* [RECORD EXTRACTS]:
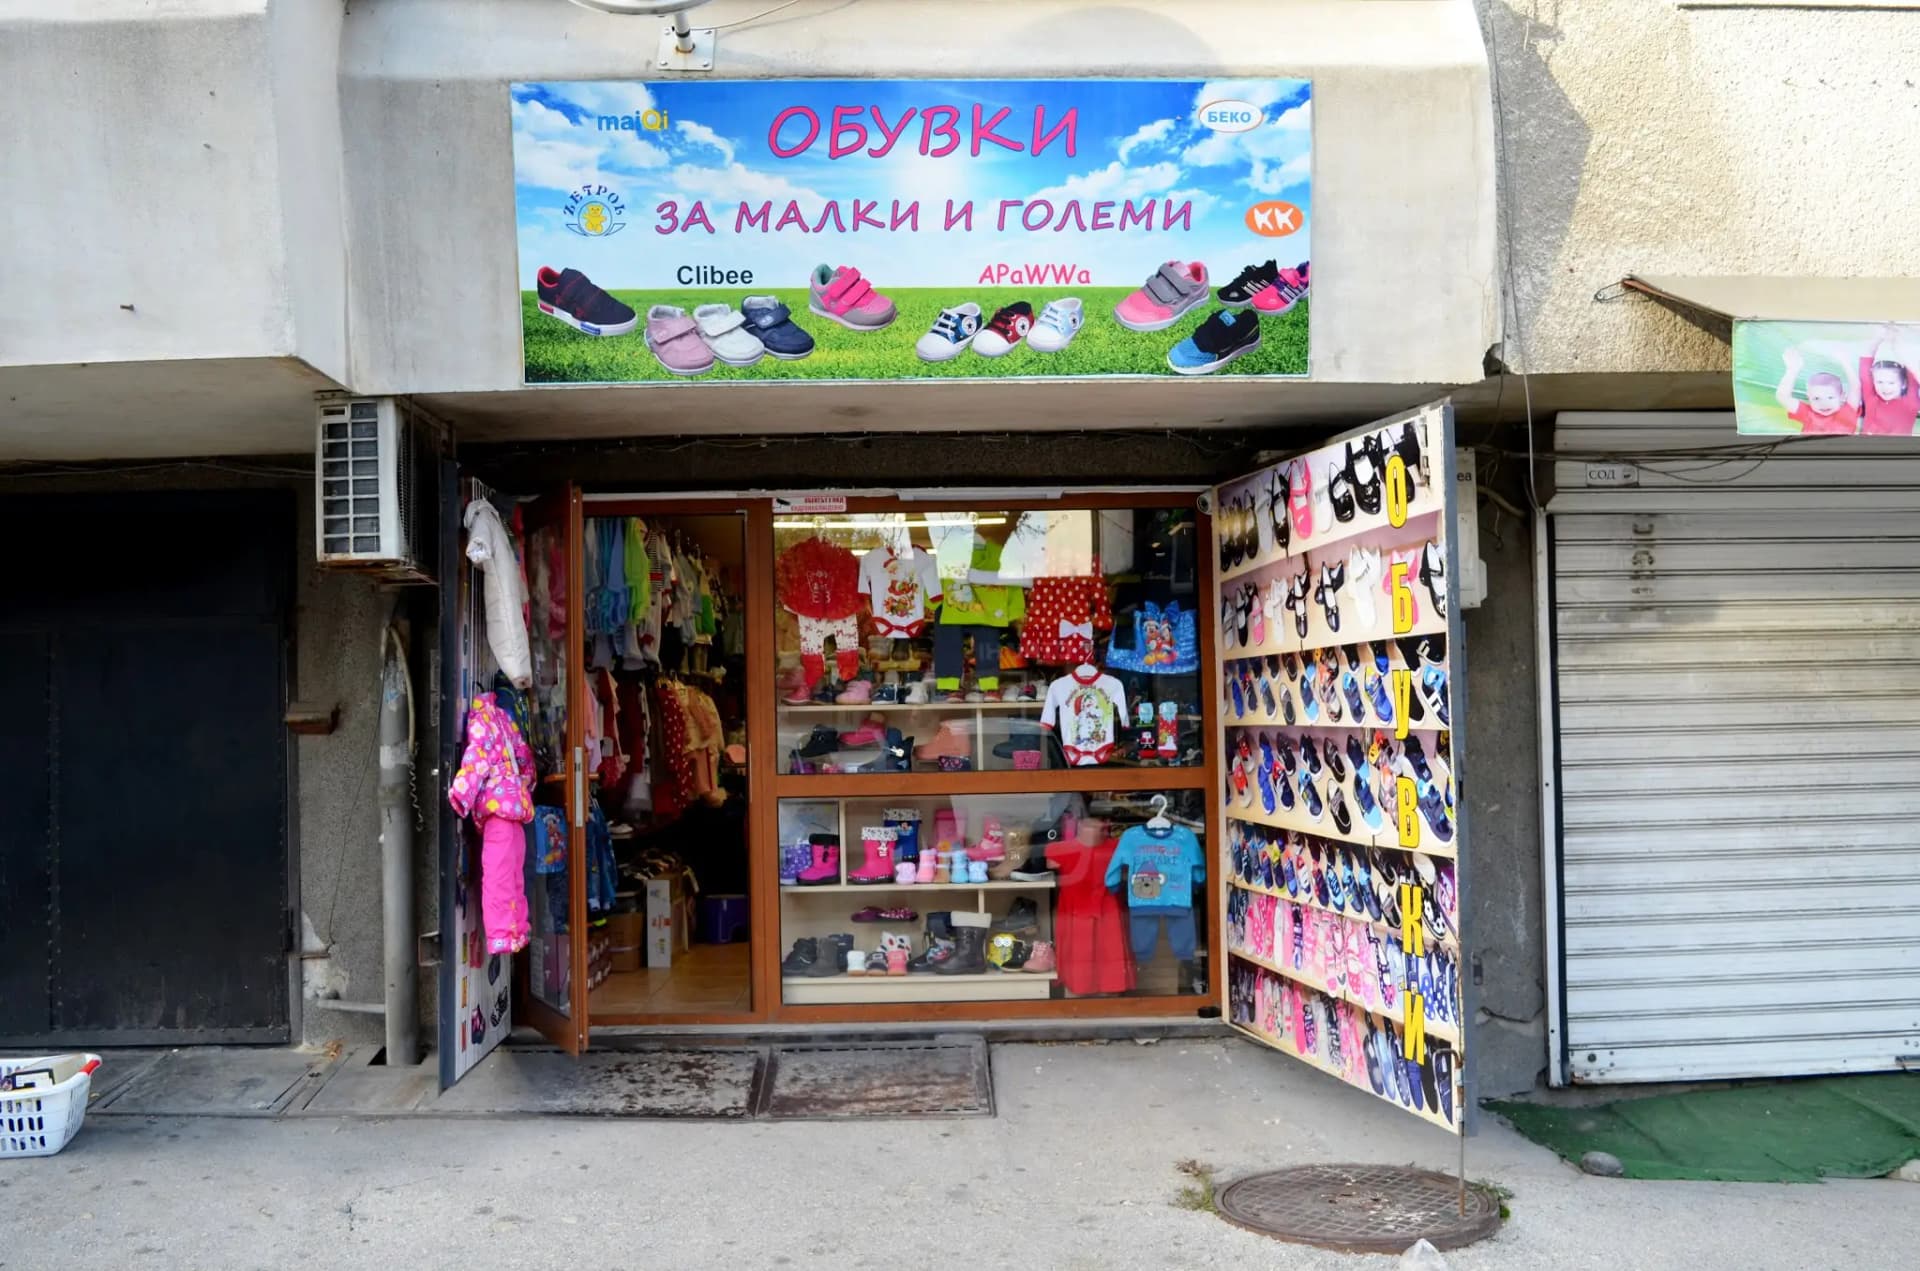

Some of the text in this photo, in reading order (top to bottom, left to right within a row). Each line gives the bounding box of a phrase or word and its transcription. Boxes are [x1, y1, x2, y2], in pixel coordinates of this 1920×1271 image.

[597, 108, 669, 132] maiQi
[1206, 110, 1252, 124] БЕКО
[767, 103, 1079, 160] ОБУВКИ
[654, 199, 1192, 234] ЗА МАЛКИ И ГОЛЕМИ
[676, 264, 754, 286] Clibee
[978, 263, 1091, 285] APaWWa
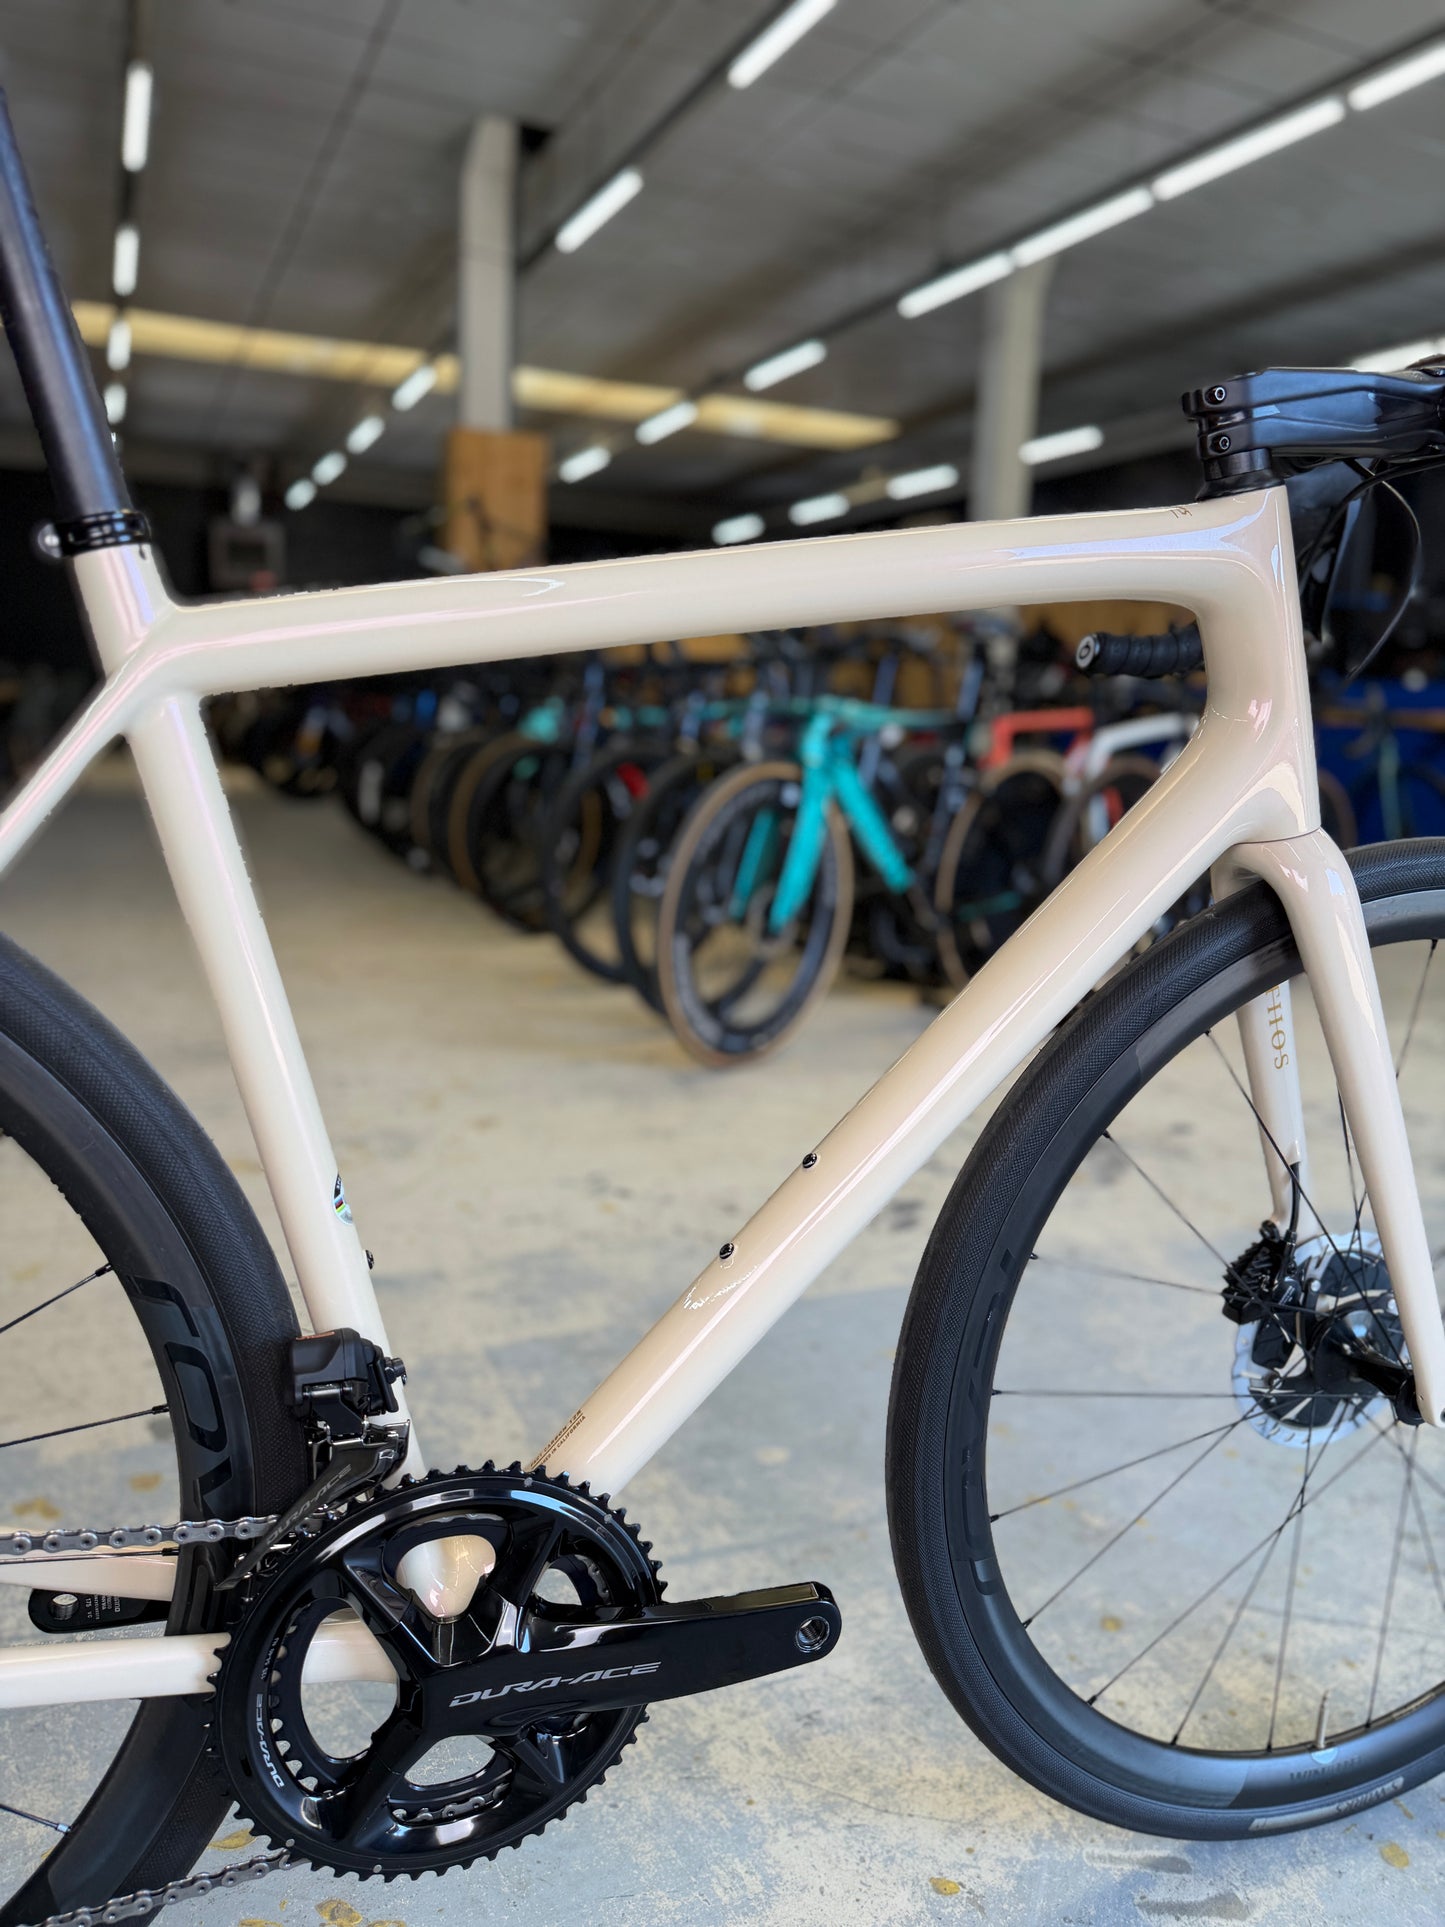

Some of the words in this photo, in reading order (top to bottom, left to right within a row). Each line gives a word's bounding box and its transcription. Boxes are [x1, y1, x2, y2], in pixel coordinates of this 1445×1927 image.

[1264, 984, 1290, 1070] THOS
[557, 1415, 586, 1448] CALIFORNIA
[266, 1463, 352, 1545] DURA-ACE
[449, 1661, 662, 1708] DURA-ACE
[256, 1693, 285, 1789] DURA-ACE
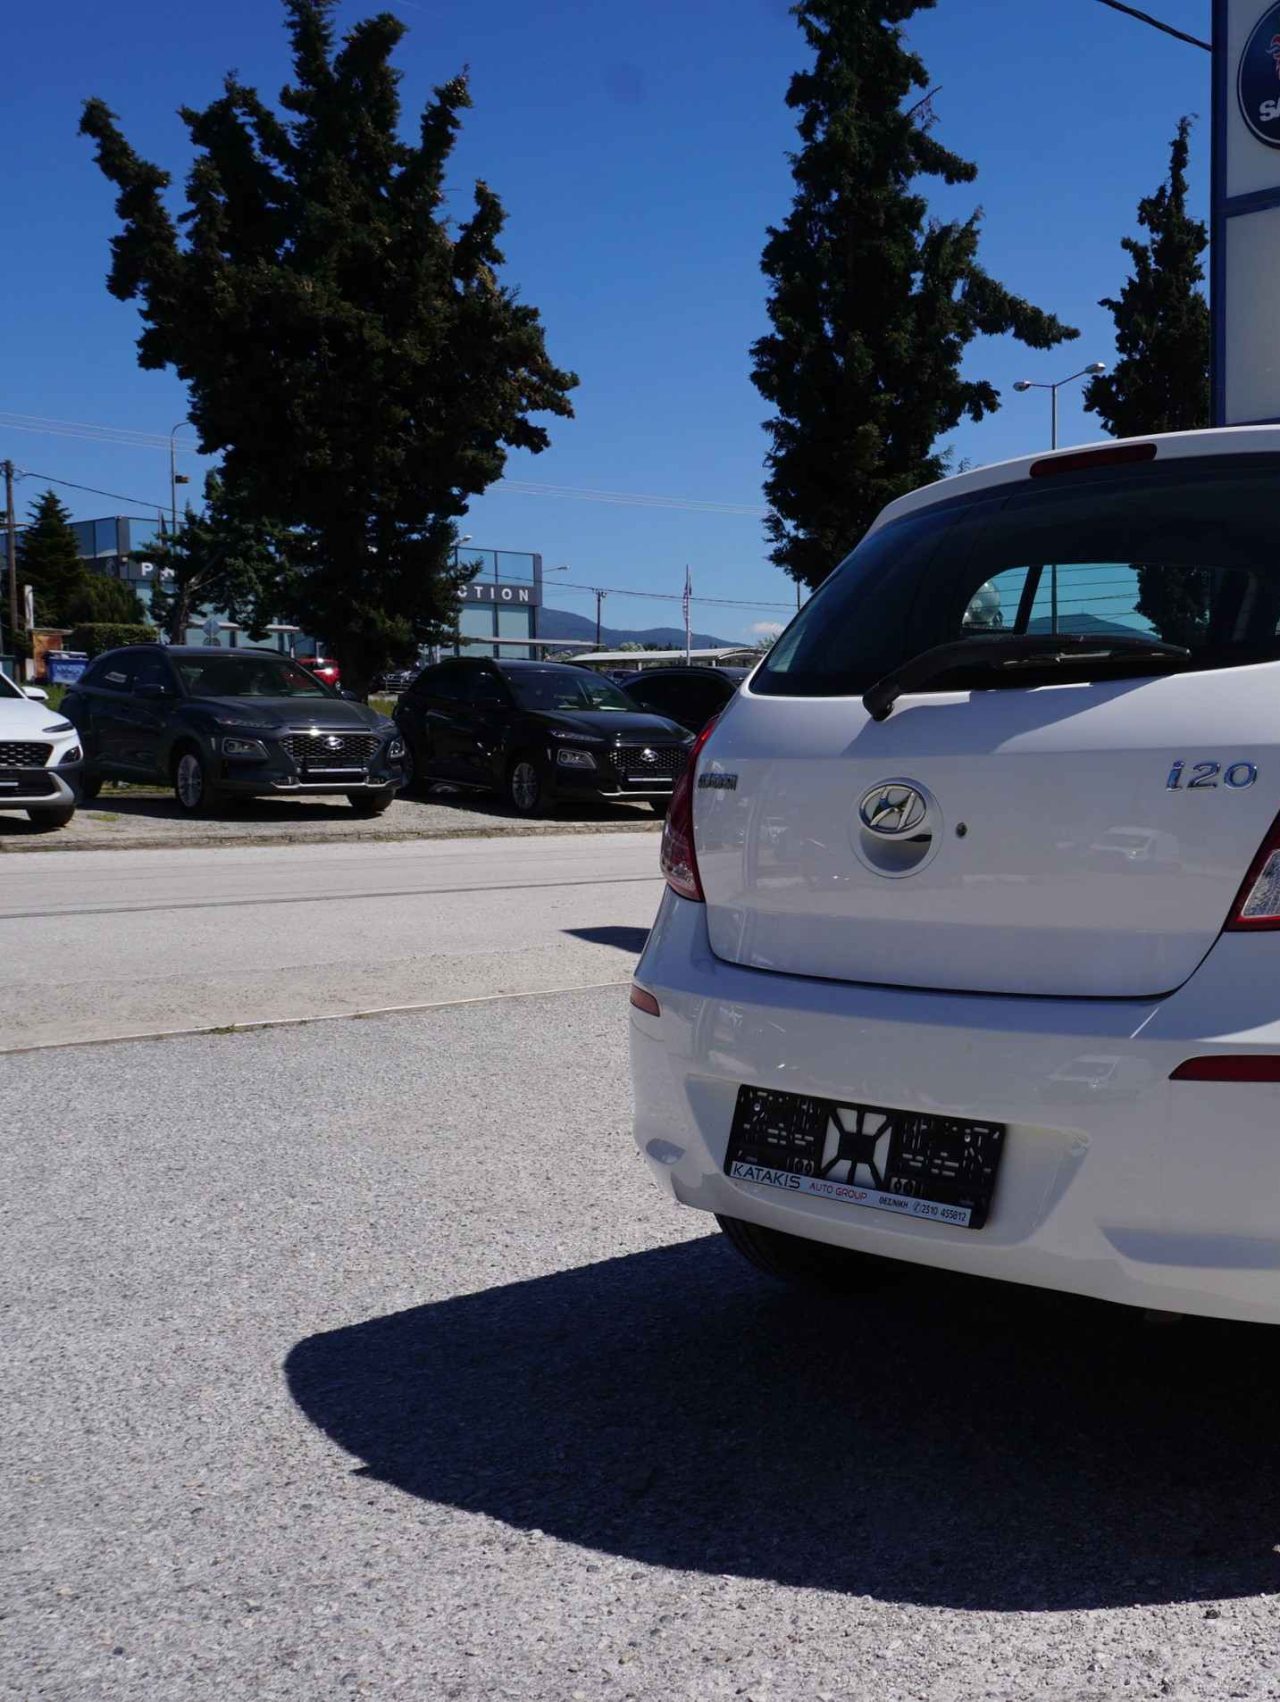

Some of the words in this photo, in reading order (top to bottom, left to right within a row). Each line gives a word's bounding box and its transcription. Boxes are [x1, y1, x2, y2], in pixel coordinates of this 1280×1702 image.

* [WORK ORDER]: Repeat the data word for word; drop the pictures.

* [ANSWER FOR THIS EXERCISE]:
Some of the text in this photo, in reading order (top to bottom, left to right within a row). Each line gives the bounding box of a phrase or word and its transcription. Boxes are [x1, y1, x2, y2], in pixel coordinates of this 1920×1271 image.

[597, 108, 669, 132] maiQi
[1206, 110, 1252, 124] БЕКО
[767, 103, 1079, 160] ОБУВКИ
[654, 199, 1192, 234] ЗА МАЛКИ И ГОЛЕМИ
[676, 264, 754, 286] Clibee
[978, 263, 1091, 285] APaWWa

Some of the words in this photo, in reading order (top to bottom, left to right within a row). Each line gives a word's bounding box and its transcription. Boxes are [x1, y1, x2, y2], in pixel coordinates of this 1445×1927 image.

[1264, 984, 1290, 1070] THOS
[557, 1415, 586, 1448] CALIFORNIA
[266, 1463, 352, 1545] DURA-ACE
[449, 1661, 662, 1708] DURA-ACE
[256, 1693, 285, 1789] DURA-ACE

Some of the words in this photo, in reading order (top to bottom, left to right within a row). Each line gives a word's bounding box and its transcription. Boxes are [x1, y1, x2, y2], in pixel coordinates of this 1280×1702 image.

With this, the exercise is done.